Of course if the built assets are just laying around in the template repos and those bits are wide - then one doesn't even need to attack the builder, they could just commit the bad code directly to the template repos built assets, ugh... It seems far too easy to exploit. Would love another security minded person to weigh in on this.

[belak]

It seems far too easy to exploit. Would love another security minded person to weigh in on this.

You are right that it's easy to exploit. Maybe we can require all repos have PRs reviewed by at least one person, but it's bypassable by admins and maintainers of that template (EDIT: I don't see an option for it to be bypassed by certain groups so that idea isn't an option)? I'd like to avoid review requirements slowing down what momentum we currently have, when it's unlikely to be an issue (since we still need someone we've added to the org to merge it).

[belak]

I've updated the builder repos. I really wish there was a way to apply branch restrictions to all repos in an org - I'm getting a little tired of clicking into every repo :laughing:.

[joshgoebel]

(EDIT: I don't see an option for it to be bypassed by certain groups so that idea isn't an option

Yeah I think it's only those with admin permission that can bypass.

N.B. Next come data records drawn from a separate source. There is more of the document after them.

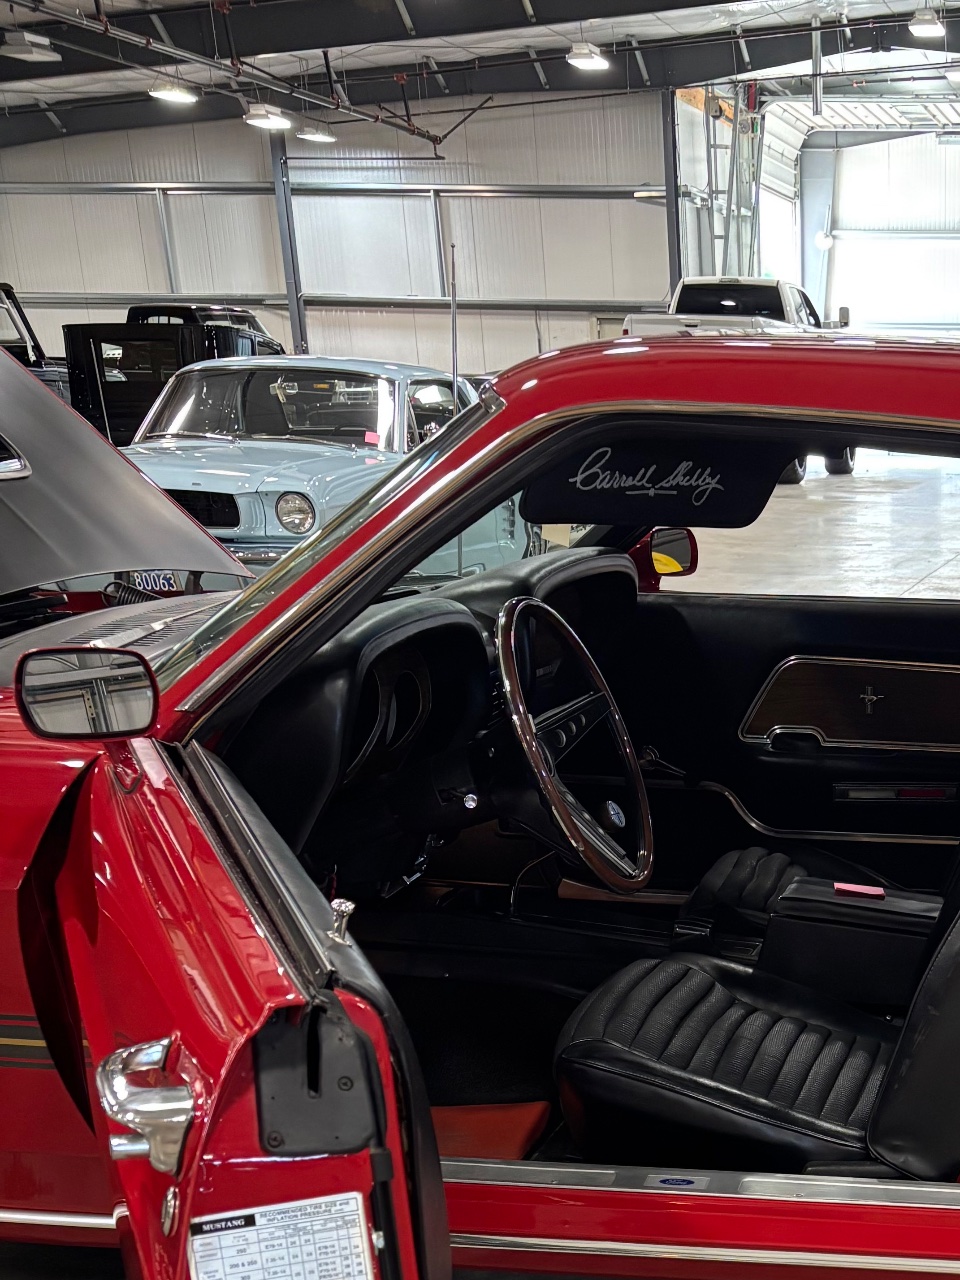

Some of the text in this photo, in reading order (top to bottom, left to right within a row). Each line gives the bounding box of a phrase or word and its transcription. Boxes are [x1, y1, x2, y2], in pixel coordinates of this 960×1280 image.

[569, 447, 724, 506] Carroll Shelby
[134, 572, 177, 591] 80063
[259, 1207, 308, 1218] RECOMMENDED
[266, 1213, 298, 1223] INFLATION
[299, 1208, 331, 1217] PRESSURE
[202, 1218, 245, 1231] MUSTANG
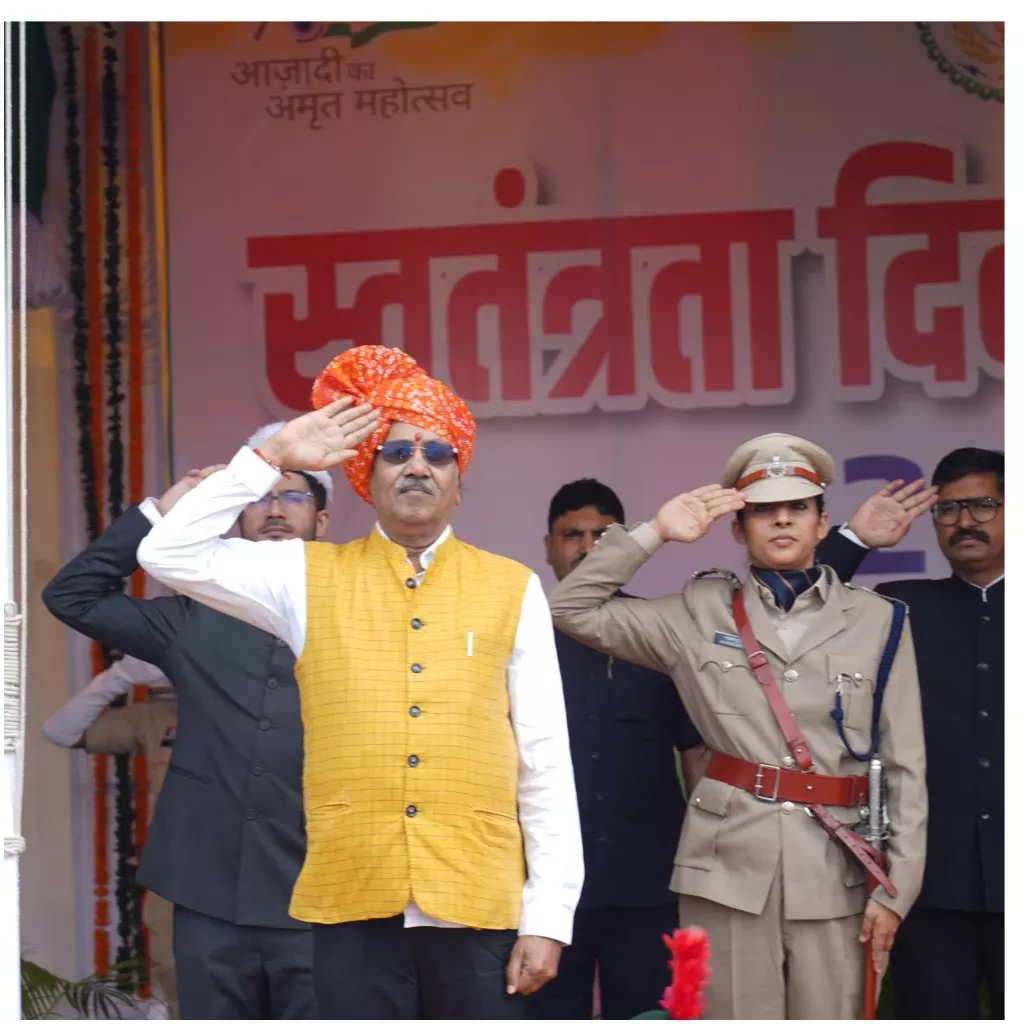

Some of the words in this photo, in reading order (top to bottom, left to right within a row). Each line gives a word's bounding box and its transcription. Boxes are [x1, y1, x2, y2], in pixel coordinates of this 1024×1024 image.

[231, 46, 344, 91] आज़ादी
[347, 61, 376, 81] का
[265, 91, 344, 131] अमृत
[353, 77, 476, 120] महोत्सव
[247, 167, 795, 413] स्वतंत्रता
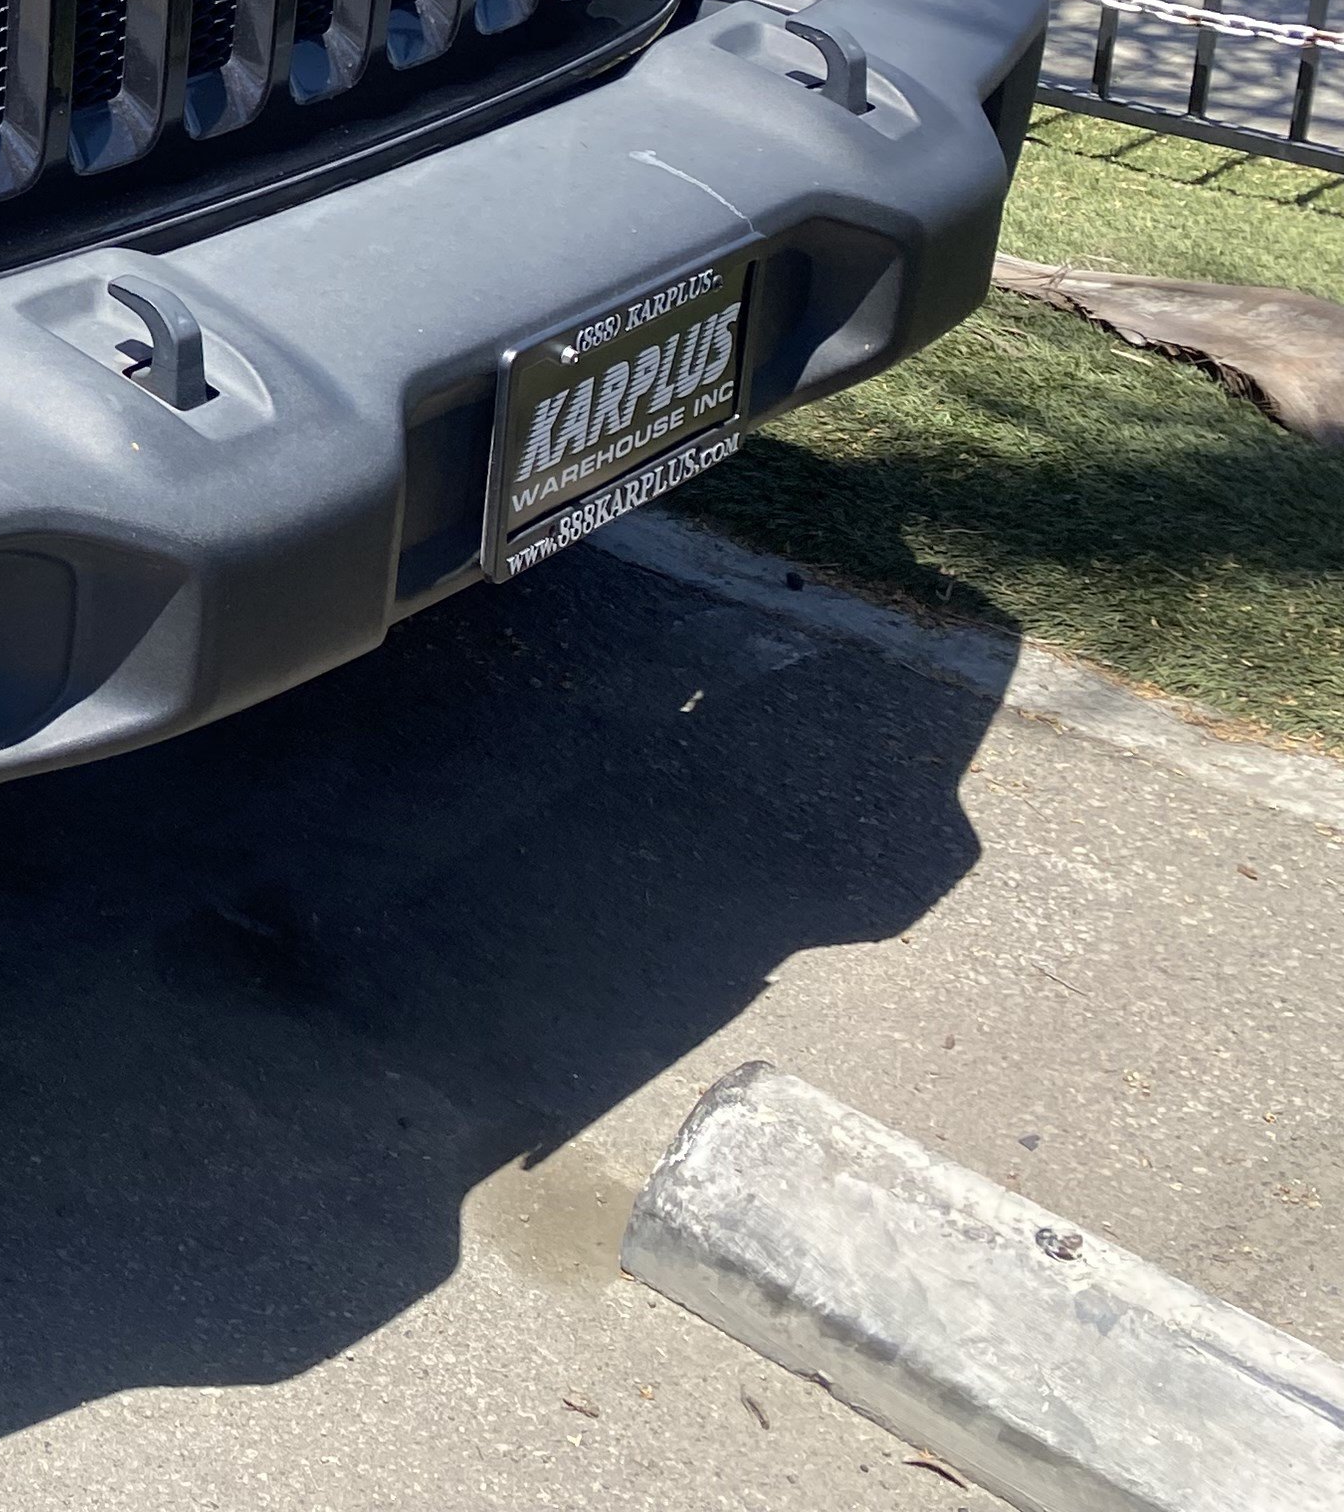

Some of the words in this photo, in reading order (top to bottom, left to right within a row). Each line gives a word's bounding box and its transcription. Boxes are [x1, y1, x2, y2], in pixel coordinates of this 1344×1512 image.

[575, 313, 622, 355] (888)
[624, 268, 714, 332] KARPLUS
[511, 406, 685, 513] WAREHOUSE
[693, 380, 734, 418] INC
[513, 301, 742, 484] KARPLUS

If we have a few people in the organization with time to do quick reviews I'm not sure that needing a single review will be all that onerous of a requirement... I'm happy to review most things across the organization for now. Scheme and template reviews shouldn't require a ton of "expertise"...

[belak]

I'm going to close this for now - if it becomes an issue, we can require approvals on all template repos as well, but I hope we won't need to.